Commentary on Humphrey, for JCS

December 4, 1999

 

 

“It’s not a bug, it’s a feature.”

 

                Today, the planet has plenty of conscious beings on it; three billion years ago, it had none.[i] What happened in the interim was a lot of evolution, with features emerging gradually, in one order or another.  Figuring out what order and why is very likely a good way to reduce perplexity, because one thing we have learned from the voyage of the Beagle and its magnificent wake is that puzzling features of contemporary phenomena often are fossil traces of earlier adaptations. As the great biologist D’Arcy Thompson once said, “Everything is the way it is because it got that way.” And even when we can’t remotely confirm our Just So Stories about how things got the way they are, the exercise can be salutary, since it forces us to ask (and try to answer) questions that might otherwise never occur to us.  We do have to get the left and right sides of our equation to match in dimensionality–I am grateful to Humphrey for this useful proposal about how to think about the issues–and adding wrinkles on the right needs to be motivated by, and in the end justified by,   more than the sheer need for a few more dimensions.  As Just So Stories go, Humphrey’s account of the emergence of sensation is a valuable one, traversing ground that must be traversed one way or another, and providing along the way some reasonable grounds for supposing things happened roughly the way he supposes.

 

                Humphrey has convinced me that something like his distinction between visual sensation and visual perception needs to be drawn, but rather than focus on relatively minor problems I have with specifics of his account, I want to articulate and then rebut a blanket “objection” that I anticipate will be widespread in other commentaries on this essay:

 

                A robot could meet all of Humphrey’s dimensional conditions.  Yes, of course, Humphrey frames the design of his conscious organism in terms of evolutionary re-design, and stresses the ecological interplay that helps set the costs and benefits for this exercise in R-and-D, but nothing he proposes in the way of an evolutionary innovation is in principle beyond the reach of roboticists.
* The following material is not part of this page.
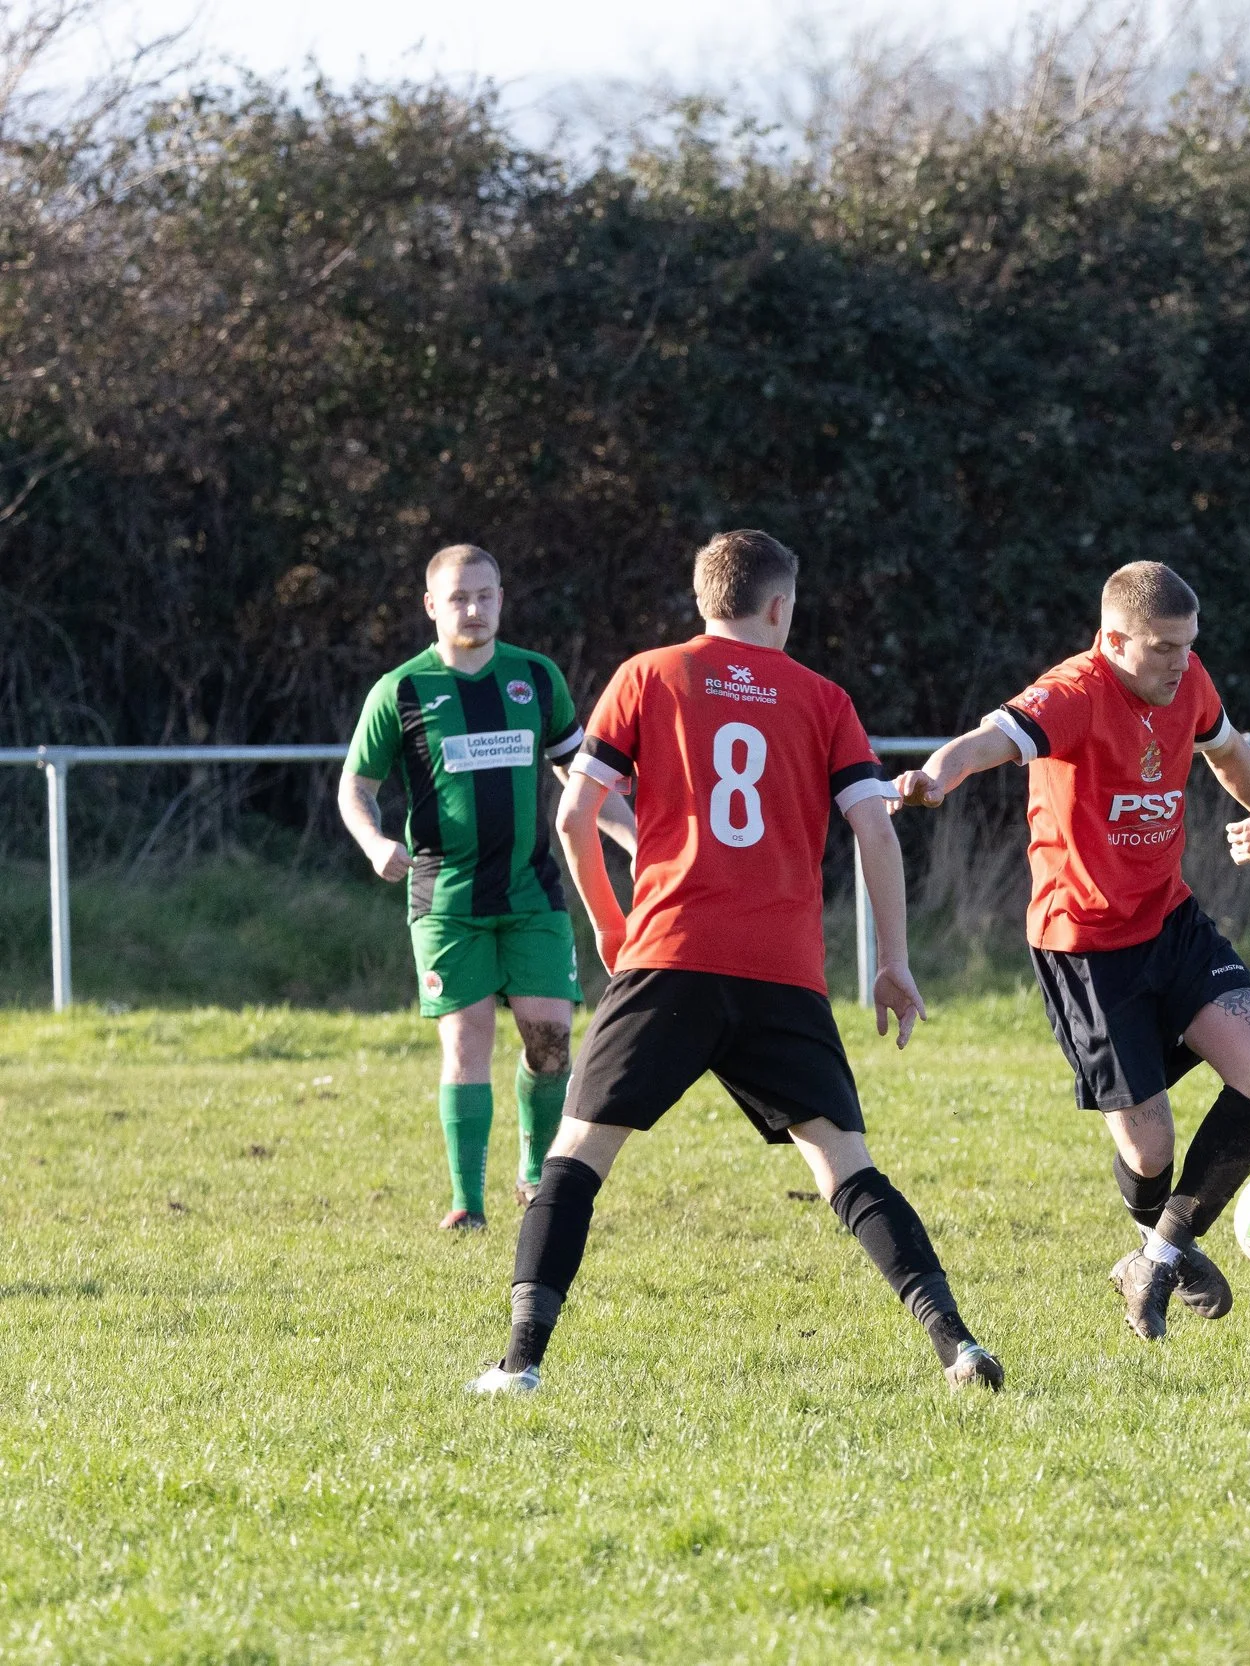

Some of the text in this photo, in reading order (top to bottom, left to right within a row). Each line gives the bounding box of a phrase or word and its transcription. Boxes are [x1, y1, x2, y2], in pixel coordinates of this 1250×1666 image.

For instance, he says at a midway point in his Just So Story:  “ . . .the animal is actively responding to stimulation with public bodily activity, and its experience or proto-experience of sensation (if we can now call it that) arises from its monitoring its own command signals for these sensory responses.” I presume that a robot can “actively” respond and is capable of at least “proto-experience of sensation”; if these presumptions are not so, Humphrey is smuggling in something crucial with these terms. So Humphrey is, in spite of his assurances, only dealing with the easy problems of consciousness, since even if he is right about everything he says, he has provided an account only of those features of consciousness that are robot-friendly, functionalistic, a matter of “complex behavioral dispositions”–and as he says of Dennett’s earlier attempt, such an account,  “while defensible in his own terms, has proved too far removed from most people’s intuitions to be persuasive. . .”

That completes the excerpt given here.